La nueva propuesta permitiría a las líneas que recorren la capital extender prestaciones a cada jurisdicción que se integre al esquema. Actualmente las mismas están restringidas por normas provinciales y municipales, razón que refuerza la necesidad de participación de la secretaría de Transporte de la Provincia.
A las empresas que cumplan los requisitos (hoy dos, una sola privada) se les permitiría desdoblar tarifas, manteniendo un valor uniforme para recorridos dentro de la ciudad y percibiendo una suma superior para viajes desde y hacia localidades vecinas. Este valor podría tomar como referencia la distancia recorrida, método empleado en otras jurisdicciones.

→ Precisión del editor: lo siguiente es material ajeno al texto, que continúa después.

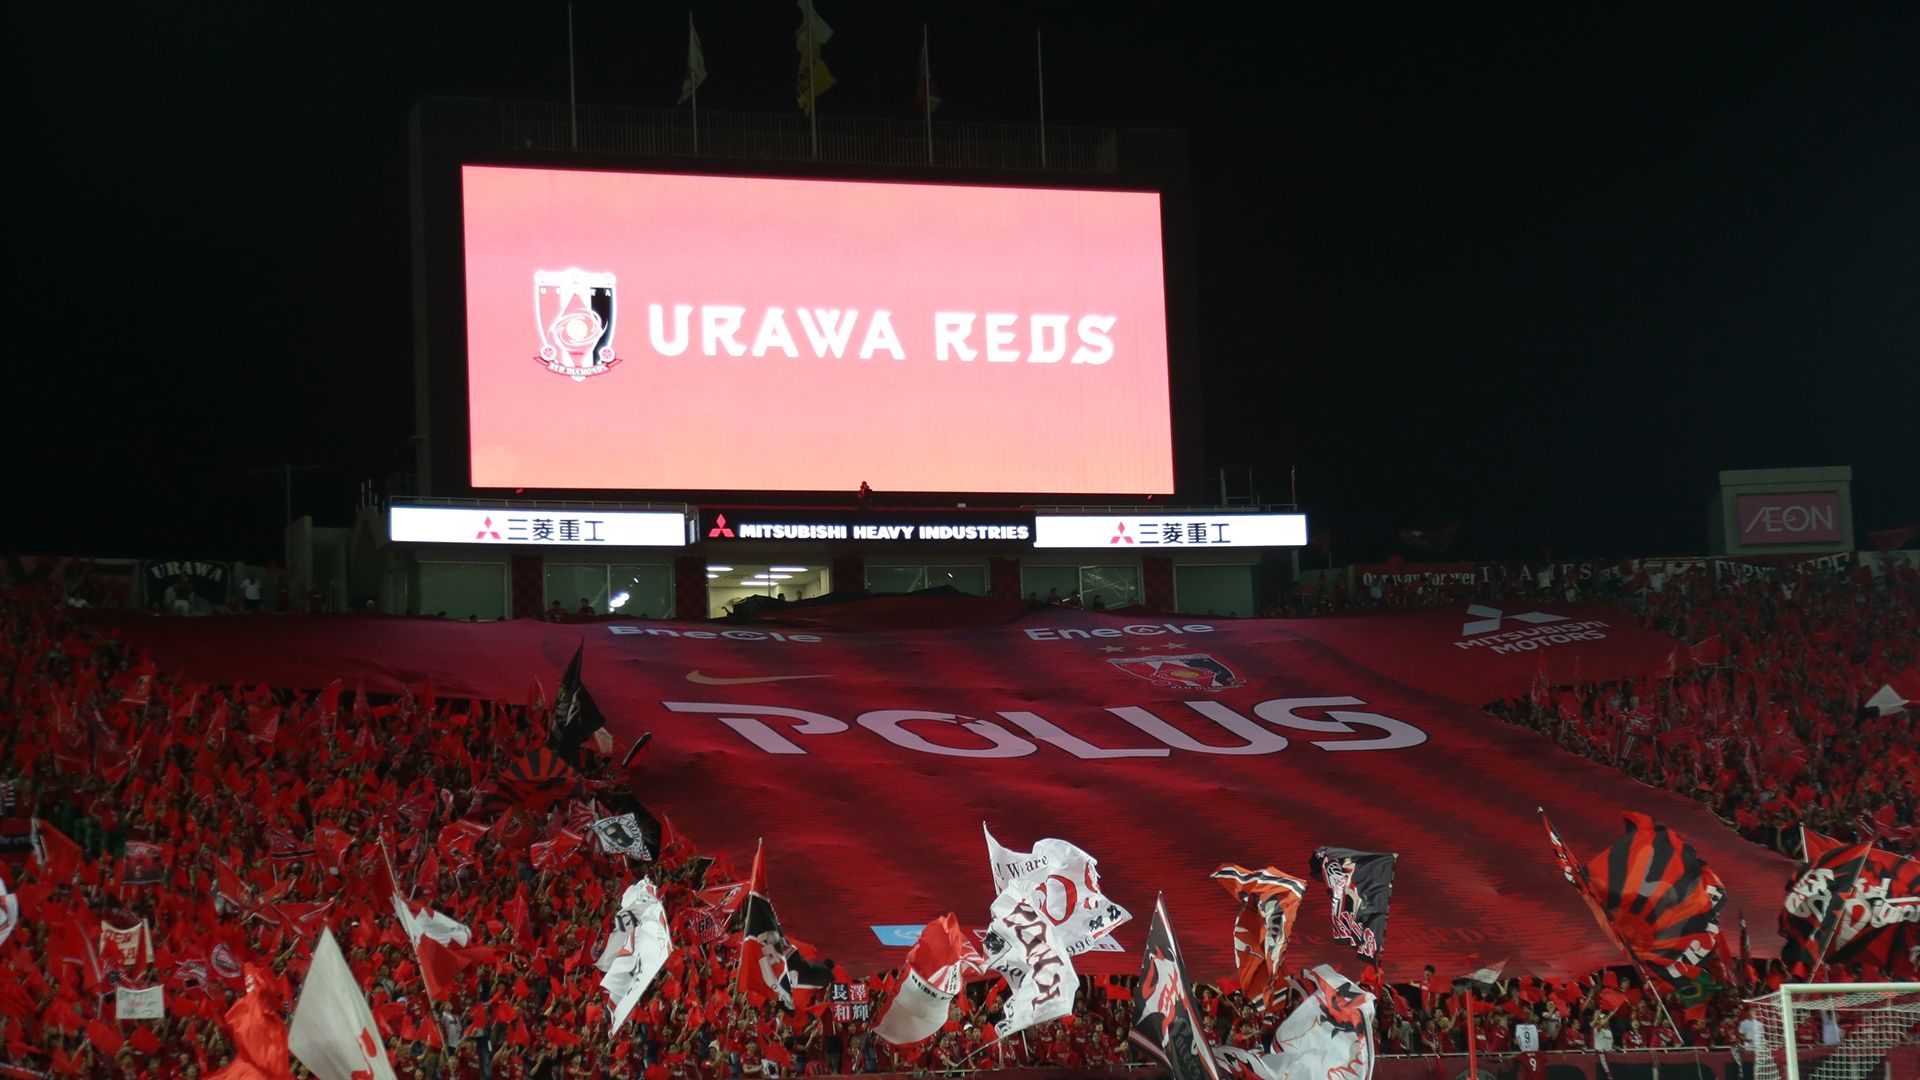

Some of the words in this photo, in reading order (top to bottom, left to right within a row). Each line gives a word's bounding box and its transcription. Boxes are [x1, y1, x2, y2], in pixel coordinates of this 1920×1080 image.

[648, 303, 906, 360] URAWA
[934, 311, 1118, 365] REDS
[507, 519, 605, 542] 三菱重工
[739, 524, 847, 539] MITSUBISHI
[853, 525, 914, 540] HEAVY
[919, 526, 1029, 540] INDUSTRIES
[1138, 522, 1231, 544] 三菱重工
[151, 561, 224, 582] URAWA
[608, 626, 823, 643] EneCle
[1022, 623, 1215, 642] EneCle
[1453, 620, 1612, 650] MITSUBISHI
[1489, 630, 1607, 655] MOTORS
[661, 696, 1428, 760] POLUS
[832, 984, 866, 1001] 長澤
[1524, 1031, 1531, 1044] 9
[1529, 1058, 1537, 1072] 9

Daniel Passerini y Rodrigo Fernández
Daniel Passerini mantiene a Rodrigo Fernández con el sello de la secretaría de Movilidad Urbana.

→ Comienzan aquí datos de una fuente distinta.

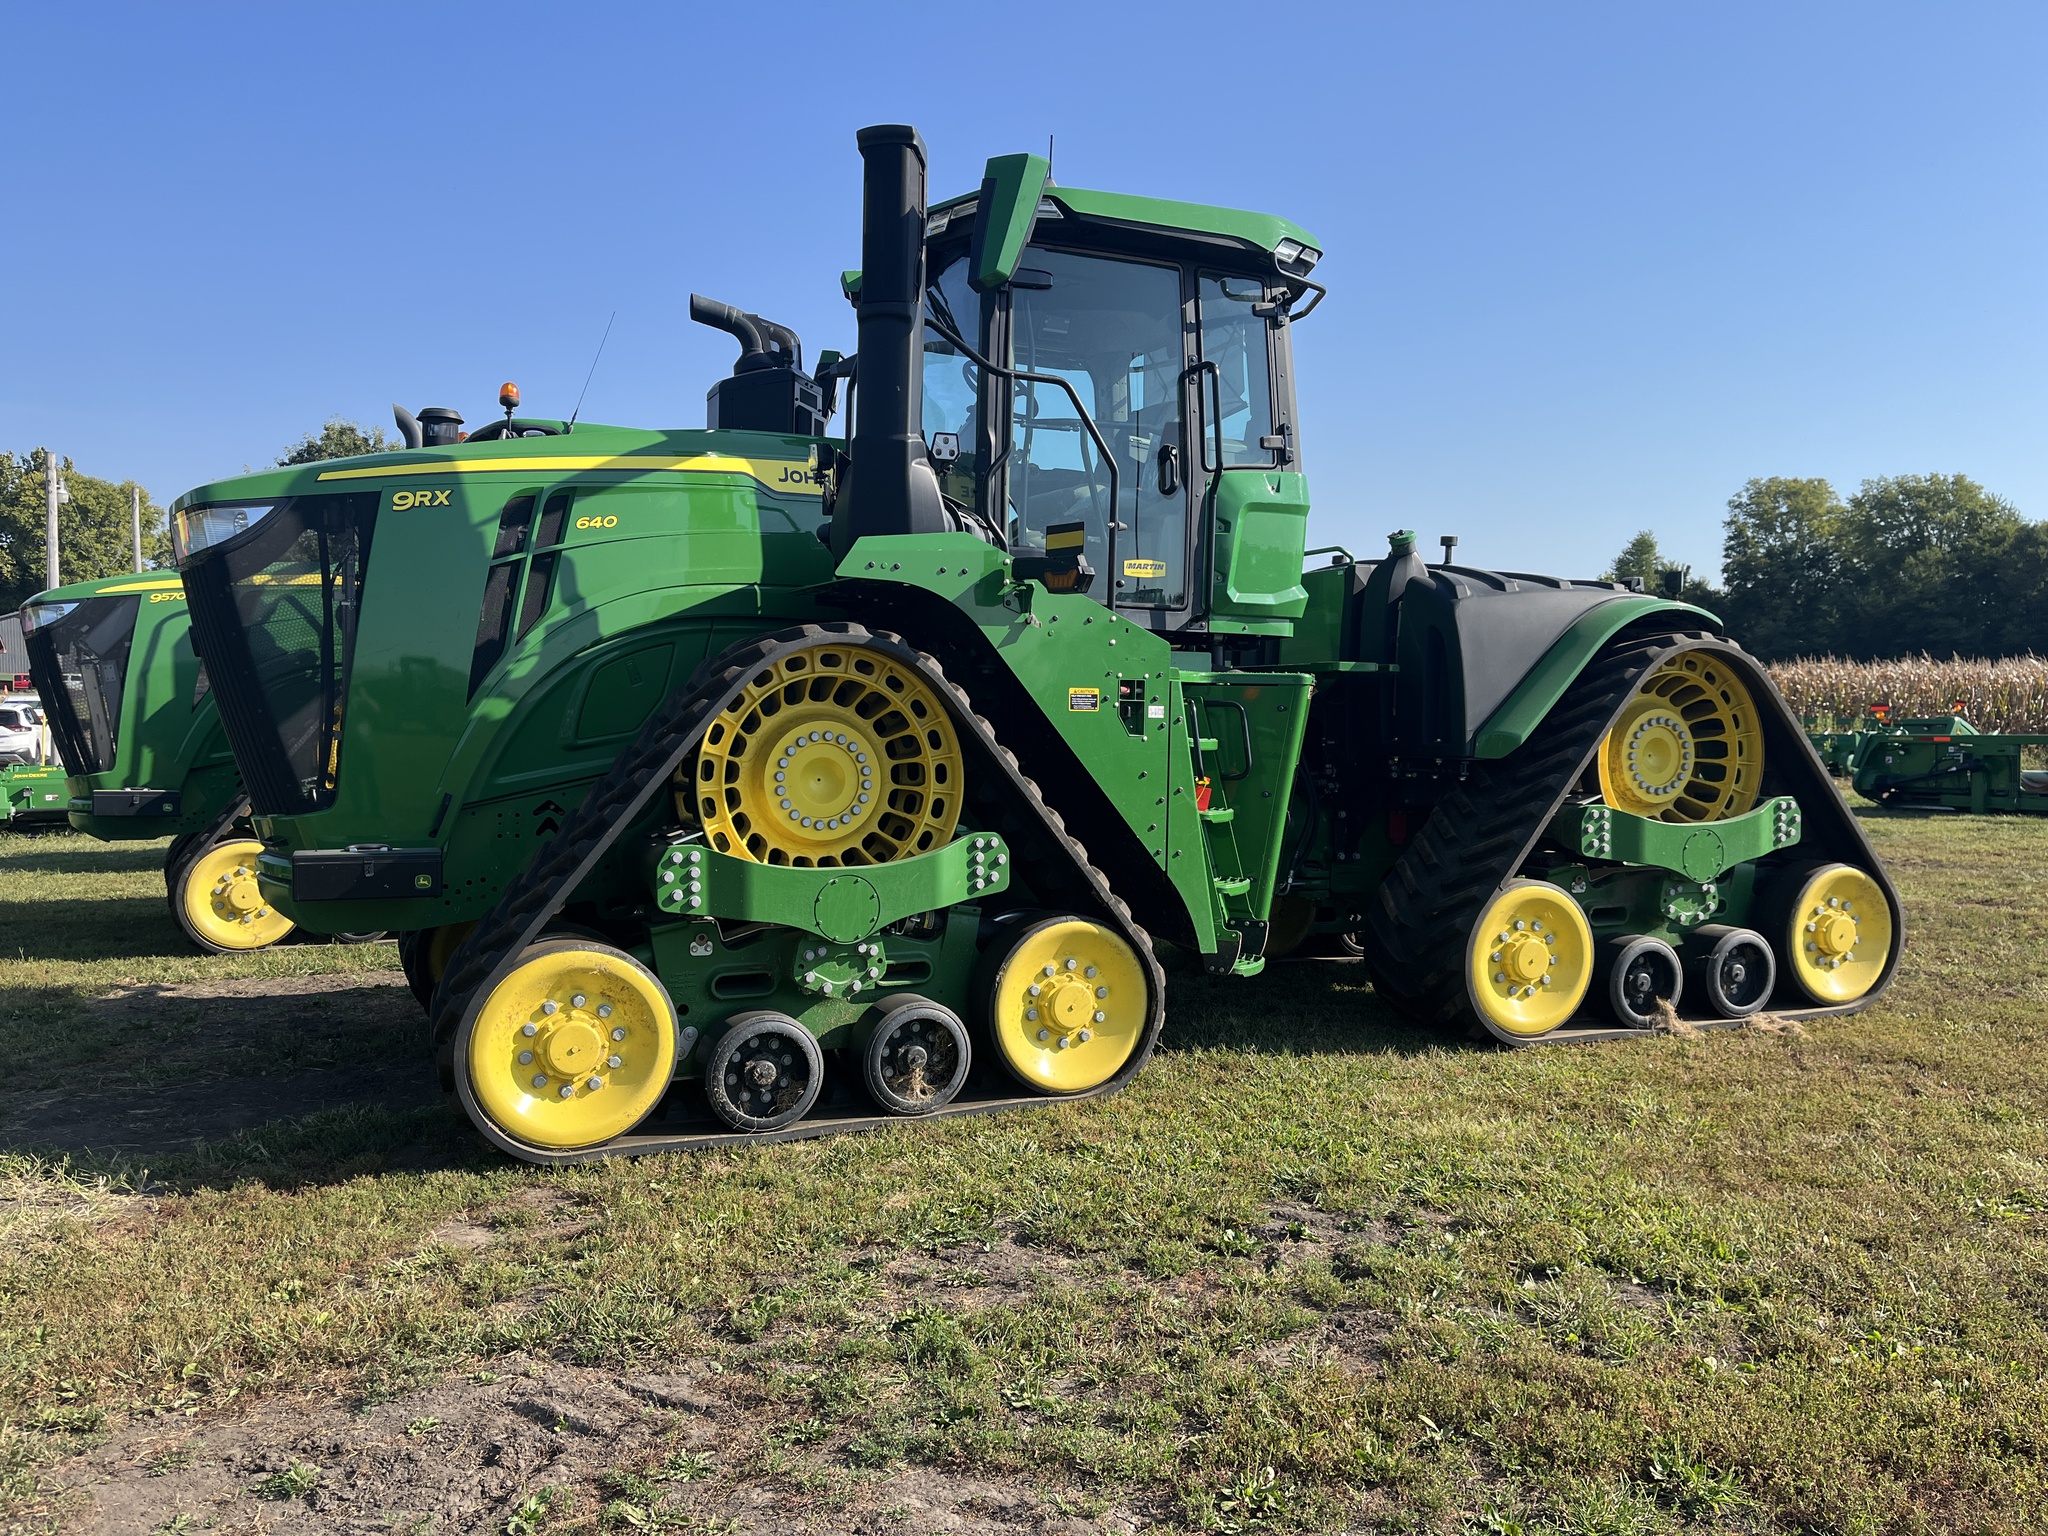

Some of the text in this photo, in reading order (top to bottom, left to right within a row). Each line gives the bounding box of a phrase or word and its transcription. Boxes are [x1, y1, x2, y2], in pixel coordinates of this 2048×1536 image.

[778, 467, 817, 484] JOH
[392, 490, 453, 511] 9RX
[575, 515, 619, 530] 640
[1127, 562, 1165, 571] MARTIN
[150, 592, 186, 604] 9570

Si bien ya hay líneas que extienden recorridos hacia localidades limítrofes, sólo pueden realizar tramos prefijados, sin posibilidad de discriminar tarifas. En adelante, sus prestatarias podrían acordar con municipios vecinos una extensión de recorridos.
Complementariamente, las prestatarias del servicio interurbano podrán levantar pasajeros en las paradas diseminadas en avenidas de la ciudad, posibilidad hoy vedada para cumplir trayectos urbanos.
En adelante, esas empresas, que sólo pueden vender tickets hacia localidades contiguas, con contados puntos de acceso en la ciudad capital, podrían colectar una tarifa especial para recorridos urbanos, por un valor superior al del boleto establecido para los viajes intraciudad.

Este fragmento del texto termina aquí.